Aunque la derrota lo aceche de cerca y logre vencerlo más de una vez, el auténtico joven escritor no se detiene más que para seguir viviendo. Porque sabe que es la vida misma la que le brindará su universo creativo, de verdadero escritor, de aquel que teclea todos los días para resultar ligeramente verosímil, para creer que cada una de las oraciones y frases que ha escrito tienen algo de cierto. Algo de vida.

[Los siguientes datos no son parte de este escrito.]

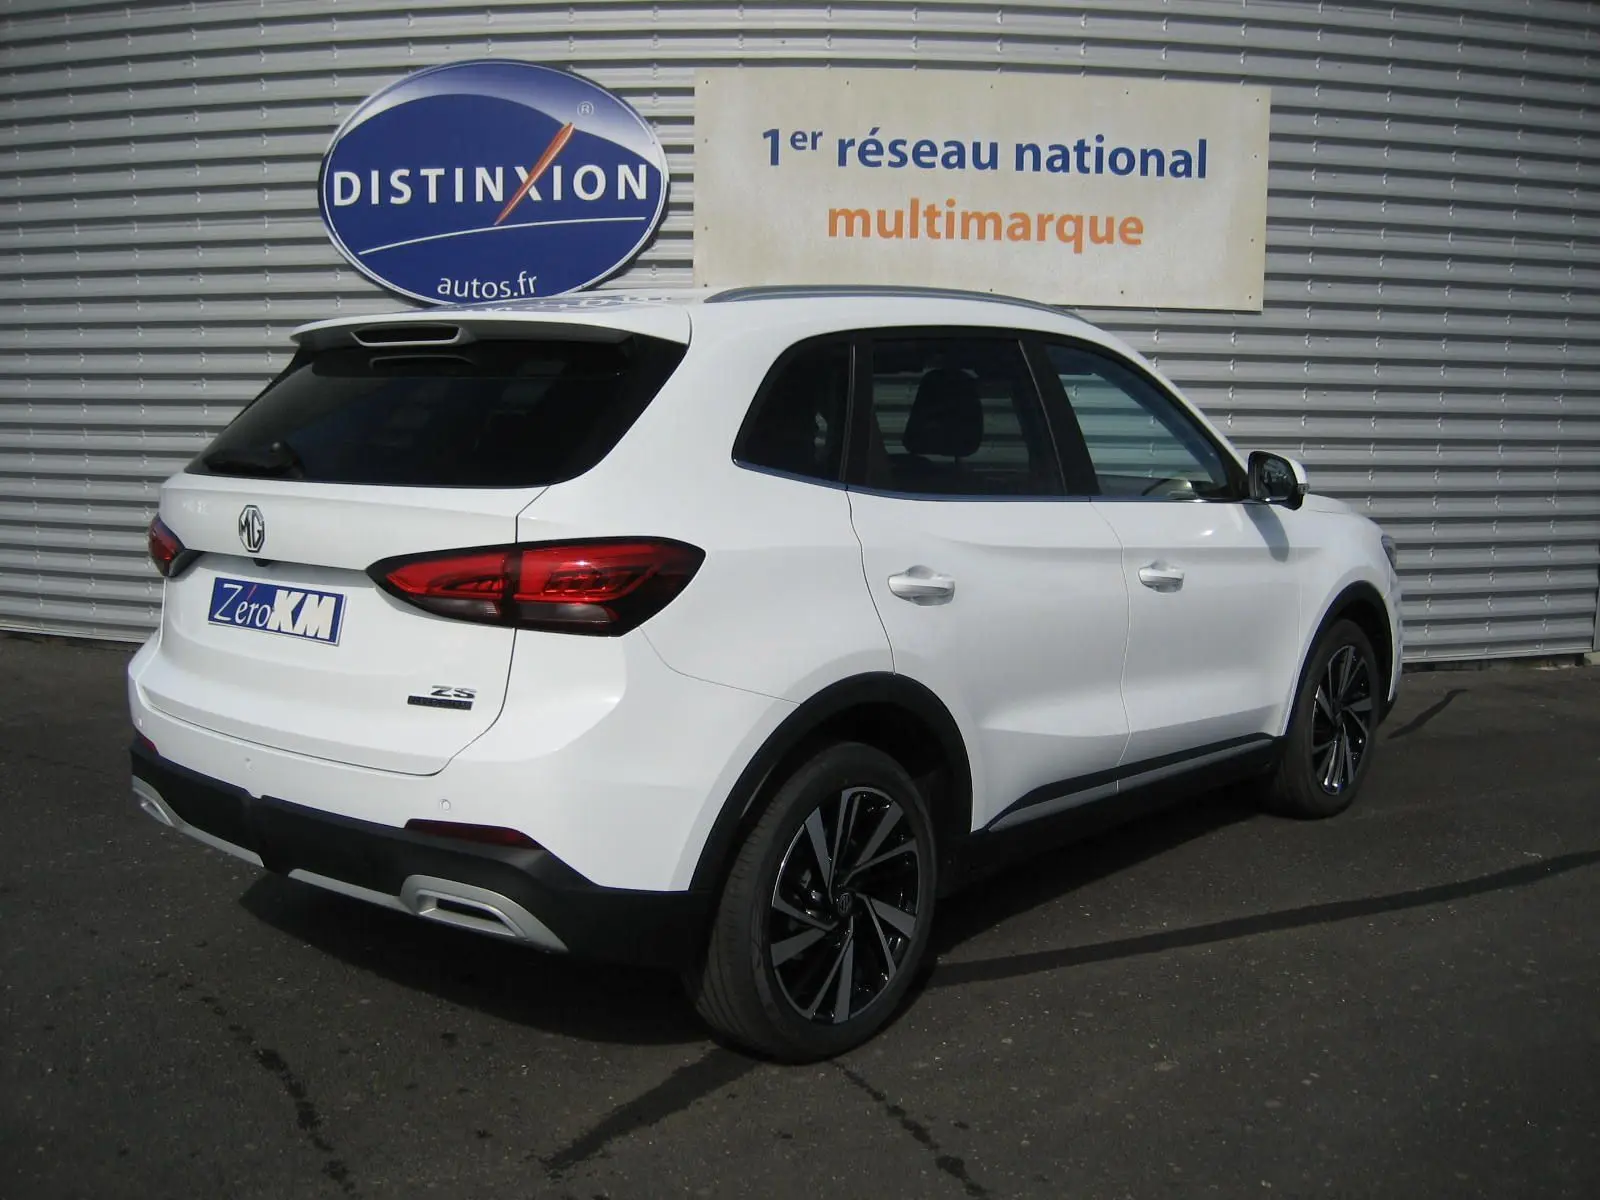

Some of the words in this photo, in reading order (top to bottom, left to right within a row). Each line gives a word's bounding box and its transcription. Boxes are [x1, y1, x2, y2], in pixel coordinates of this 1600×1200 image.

[837, 127, 998, 170] réseau
[1015, 135, 1207, 179] national
[333, 163, 648, 207] DISTINXION
[828, 198, 1144, 254] multimarque
[437, 271, 538, 299] autos.fr
[240, 506, 264, 552] MG
[431, 685, 477, 699] ZS
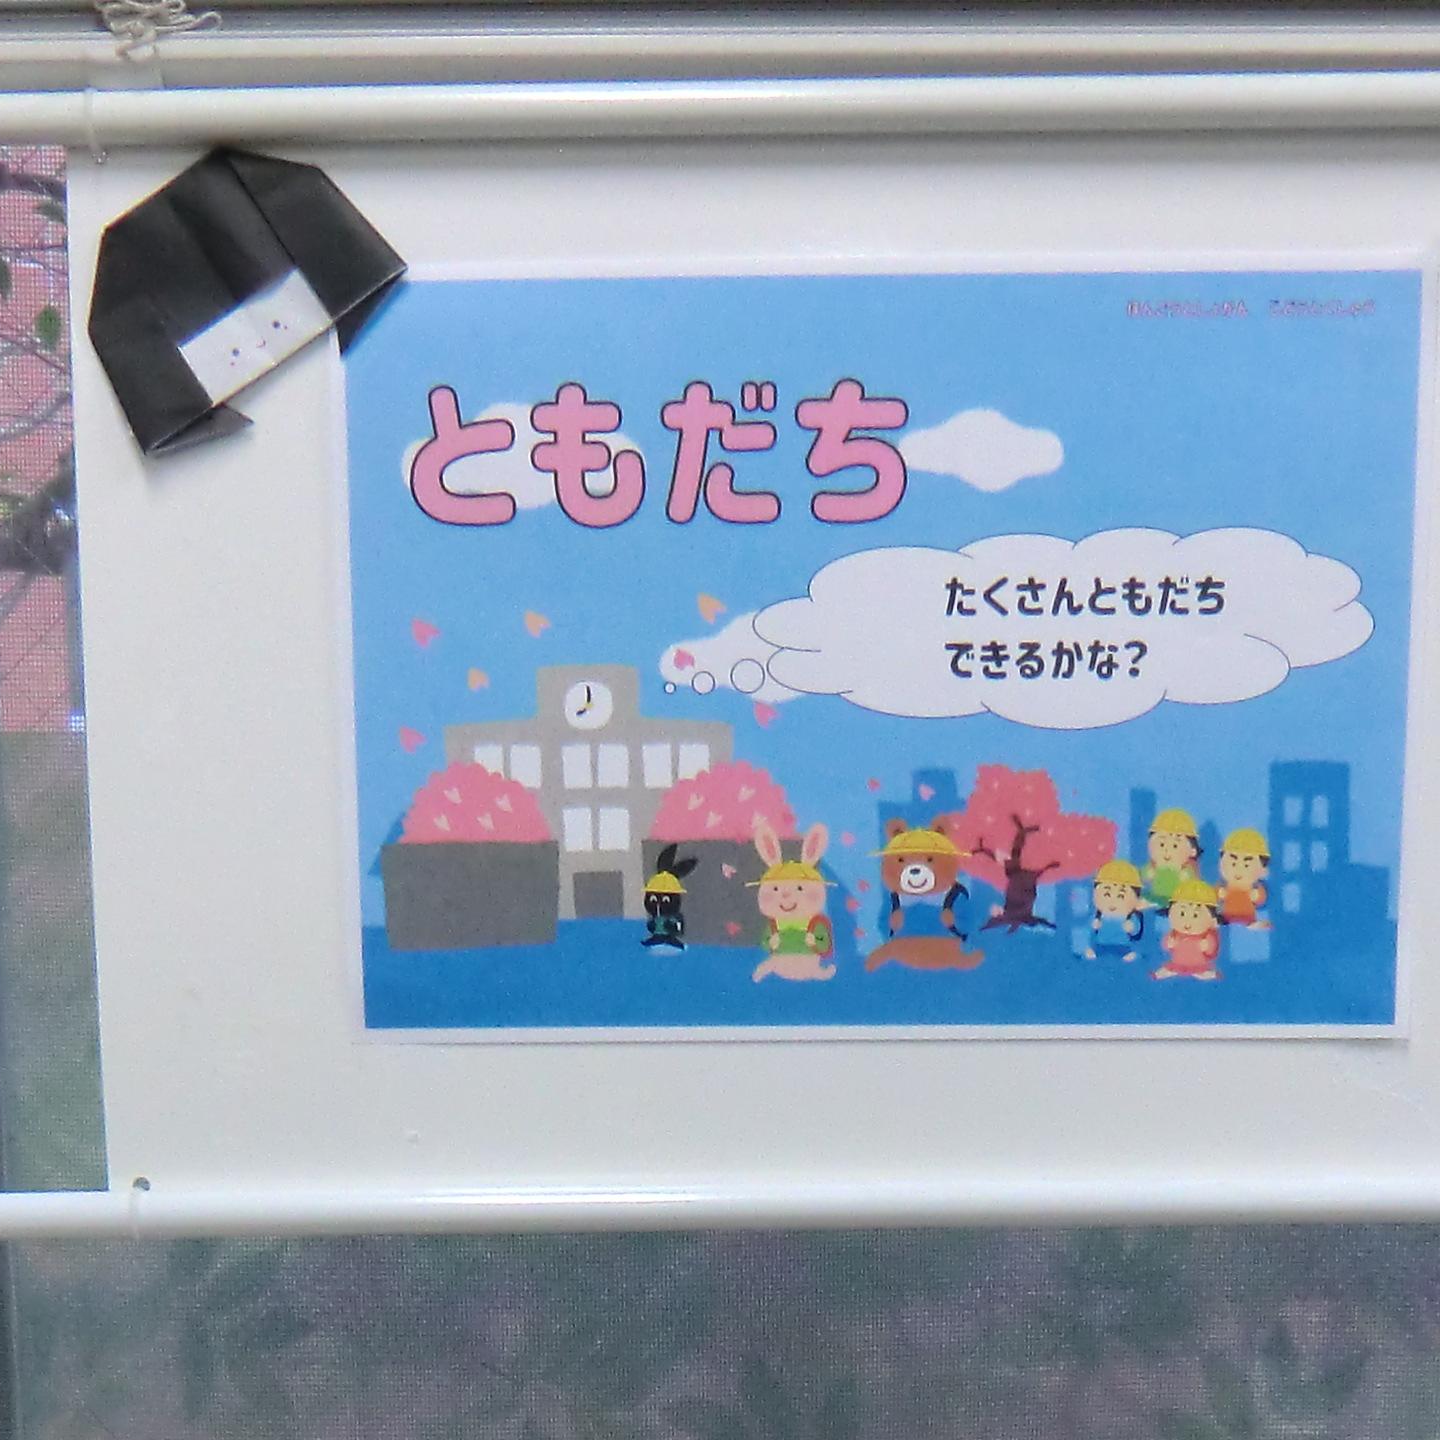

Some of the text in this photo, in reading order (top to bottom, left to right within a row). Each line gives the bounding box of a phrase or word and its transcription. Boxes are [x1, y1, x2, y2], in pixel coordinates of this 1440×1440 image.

Así es este Hemingway, el mismo de siempre pero a través de su propia vida, esclava de pasiones que derrocharon fuego a través de bocas y dedos que activaron gatillos, y que teclearon de pie tantas palabras durante tantos años; palabras rodeadas de amigos y de favorables circunstancias, una ciudad repleta de luz habitada por seres como él, como Hemingway, dispuestos a volverla cede tanto de sus celebraciones como de sus más terribles y naturales resacas.

París era una fiesta es para mí un libro de iniciación, un paliativo que devela el alma de aquellos que intentamos caminar por el sinuoso camino de la escritura. Y que lo iniciamos, quizá para nuestro bien, bajo el cobijo de una música tan dura como las letras.